= Beginning of Section =
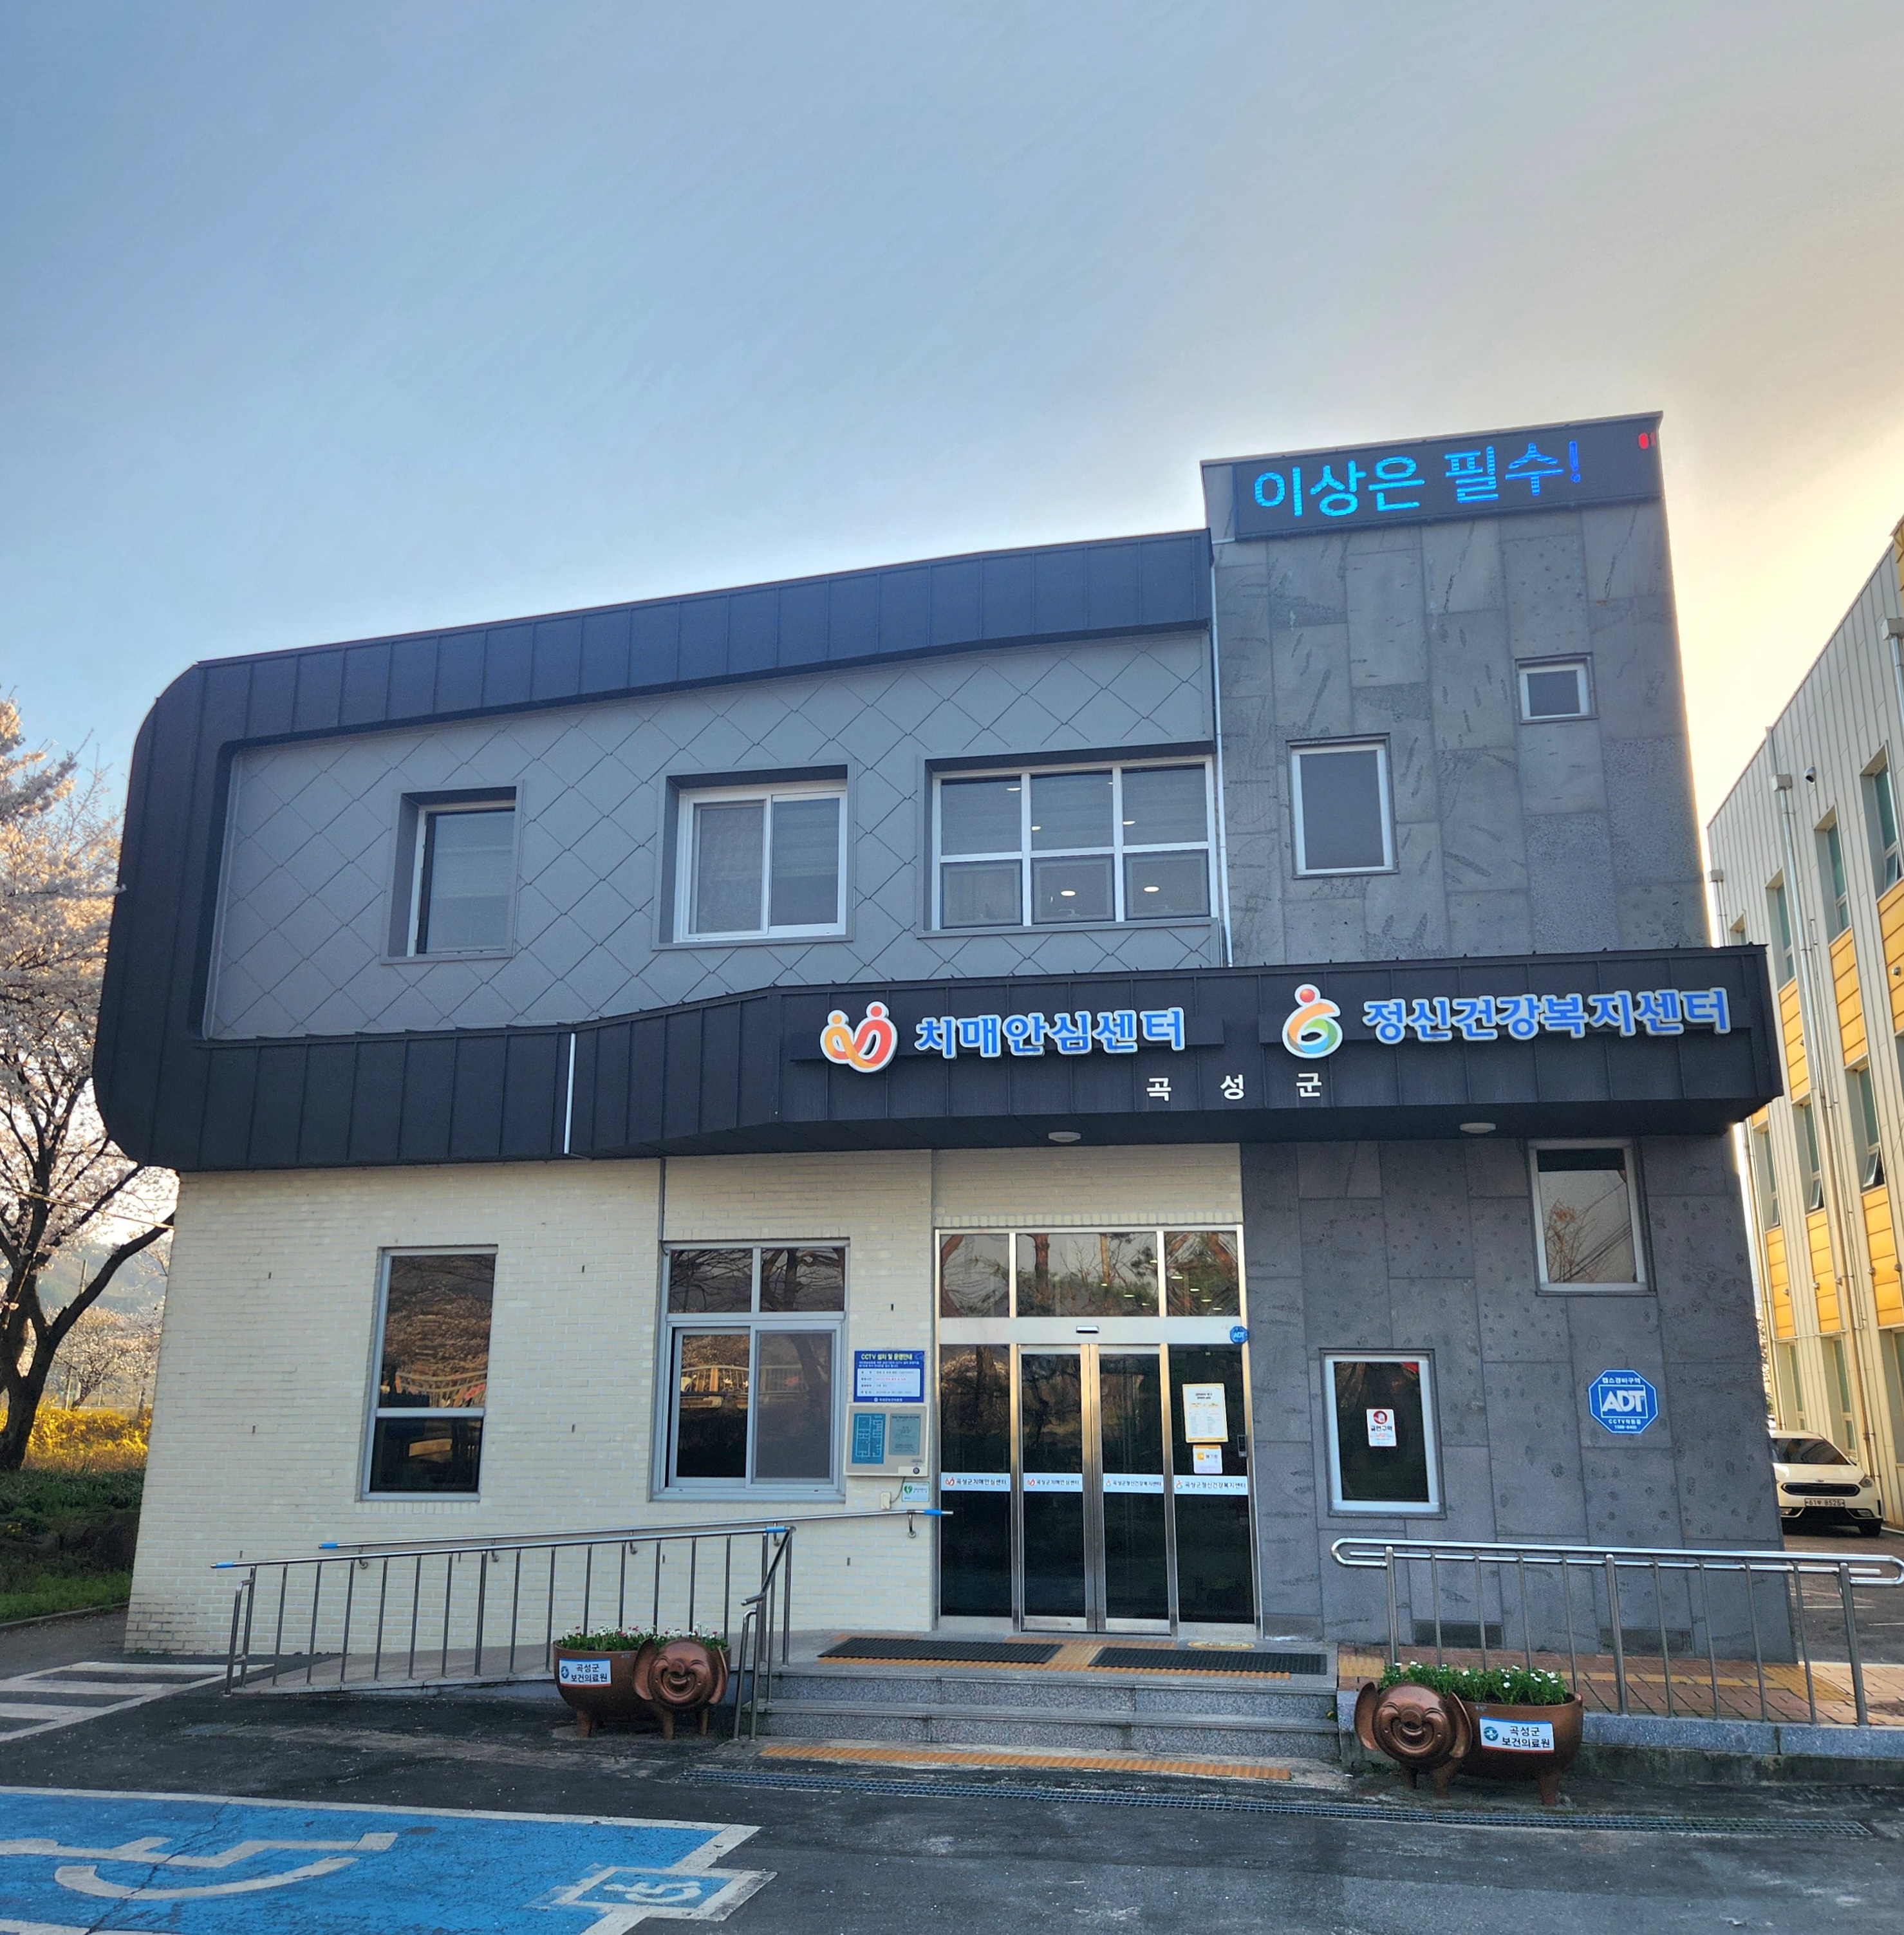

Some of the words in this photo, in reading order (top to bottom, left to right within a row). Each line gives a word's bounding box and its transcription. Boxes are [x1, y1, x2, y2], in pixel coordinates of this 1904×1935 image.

[1254, 456, 1425, 517] 이상은
[1444, 441, 1582, 504] 필수!
[1362, 987, 1731, 1044] 정신건강복지센터
[914, 1007, 1186, 1060] 치매안심센터
[1146, 1076, 1172, 1102] 곡
[1220, 1074, 1245, 1101] 성
[1296, 1072, 1322, 1098] 군
[1601, 1390, 1645, 1412] ADT
[570, 1673, 608, 1683] 보건의료원
[575, 1663, 600, 1673] 곡성군
[1509, 1725, 1540, 1737] 곡성군
[1502, 1736, 1550, 1749] 보건의료원
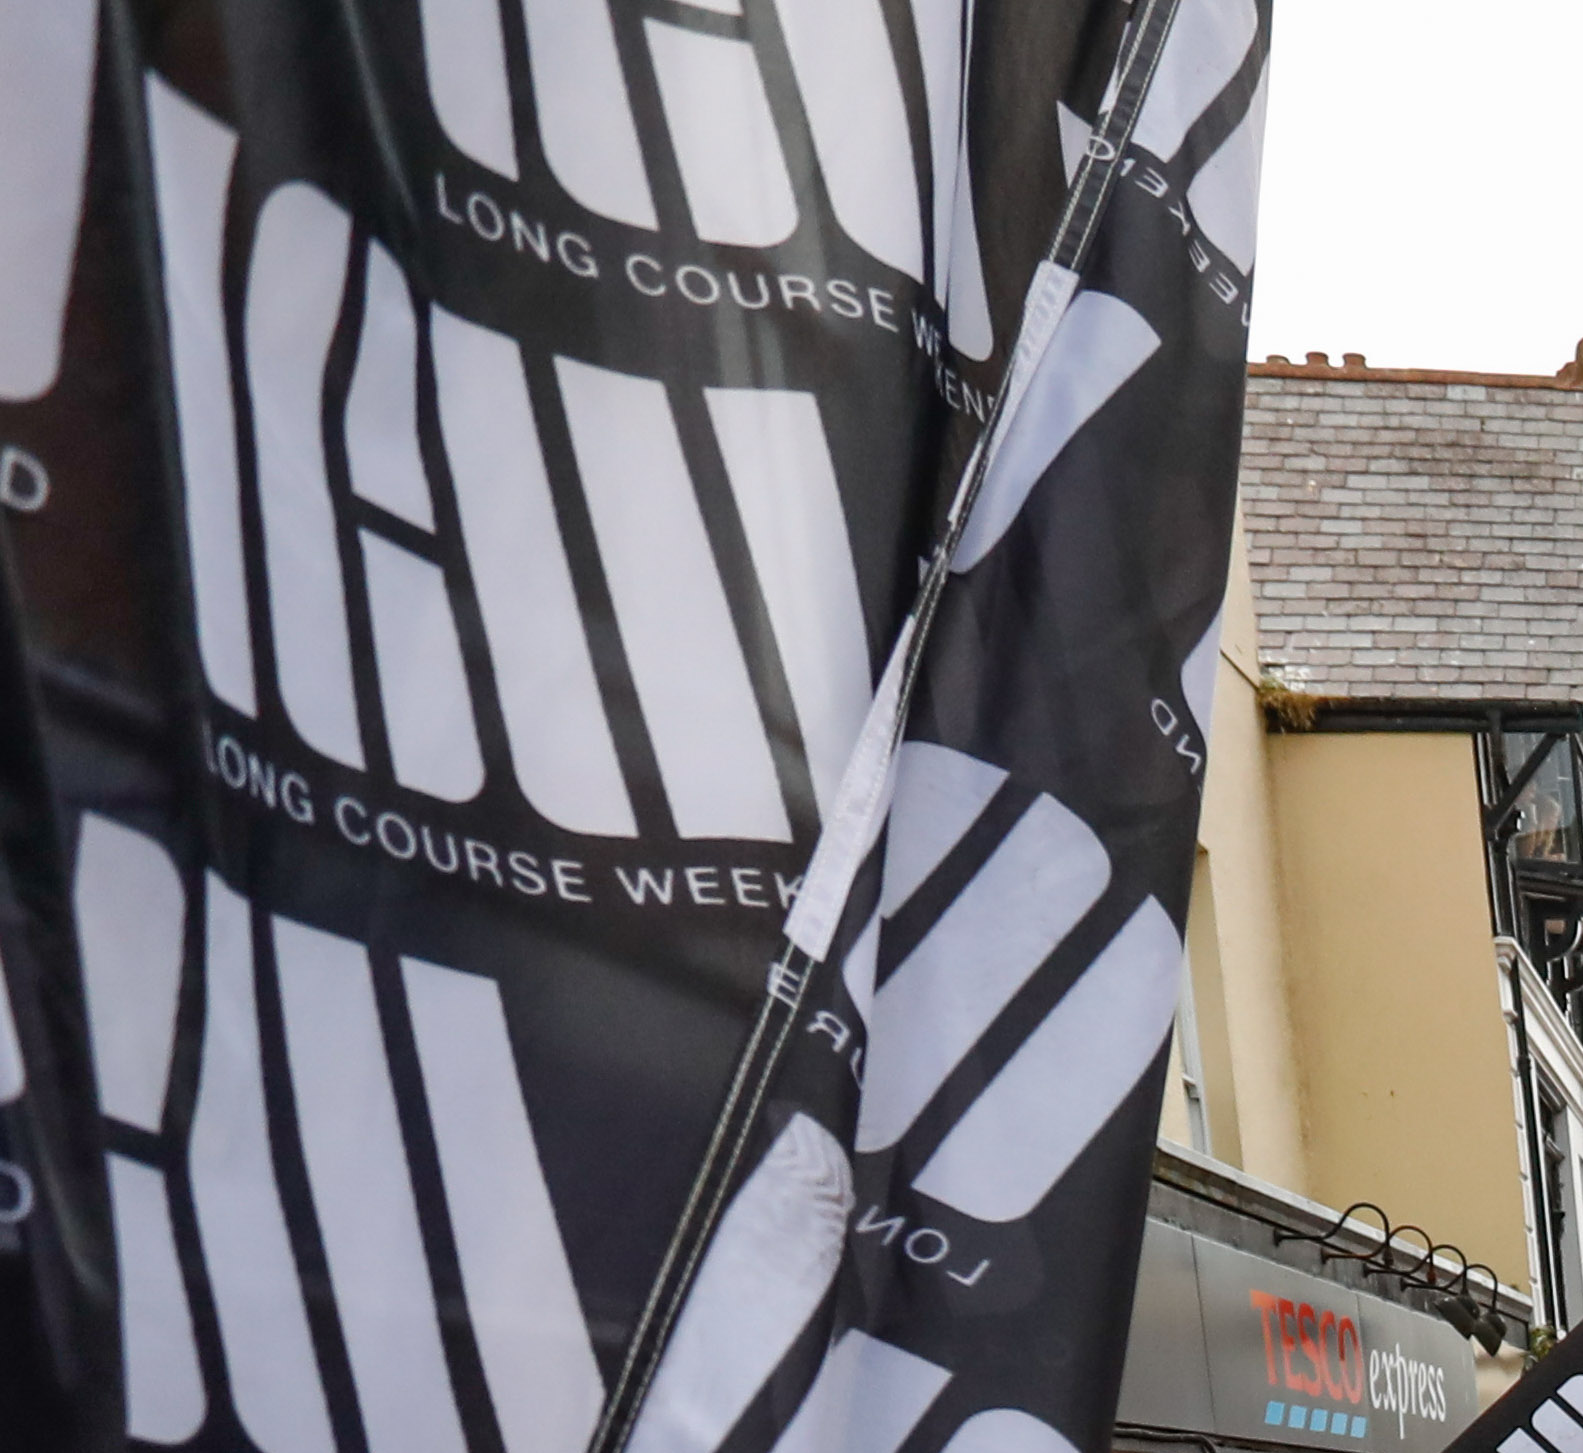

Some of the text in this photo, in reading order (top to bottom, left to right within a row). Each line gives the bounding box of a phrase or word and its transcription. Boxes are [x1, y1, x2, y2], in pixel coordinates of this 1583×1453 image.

[436, 172, 599, 279] LONG
[624, 253, 900, 336] COURSE
[201, 717, 810, 913] LONG COURSE WEEK
[1250, 1288, 1446, 1439] TESCO express
= End of Section =
Nothing but the lines from the one containing "Some of the text" through the end of the material should appear; please return them exactly.

### RESULT OF THIS EXERCISE
Some of the text in this photo, in reading order (top to bottom, left to right within a row). Each line gives the bounding box of a phrase or word and its transcription. Boxes are [x1, y1, x2, y2], in pixel coordinates of this 1583×1453 image.

[436, 172, 599, 279] LONG
[624, 253, 900, 336] COURSE
[201, 717, 810, 913] LONG COURSE WEEK
[1250, 1288, 1446, 1439] TESCO express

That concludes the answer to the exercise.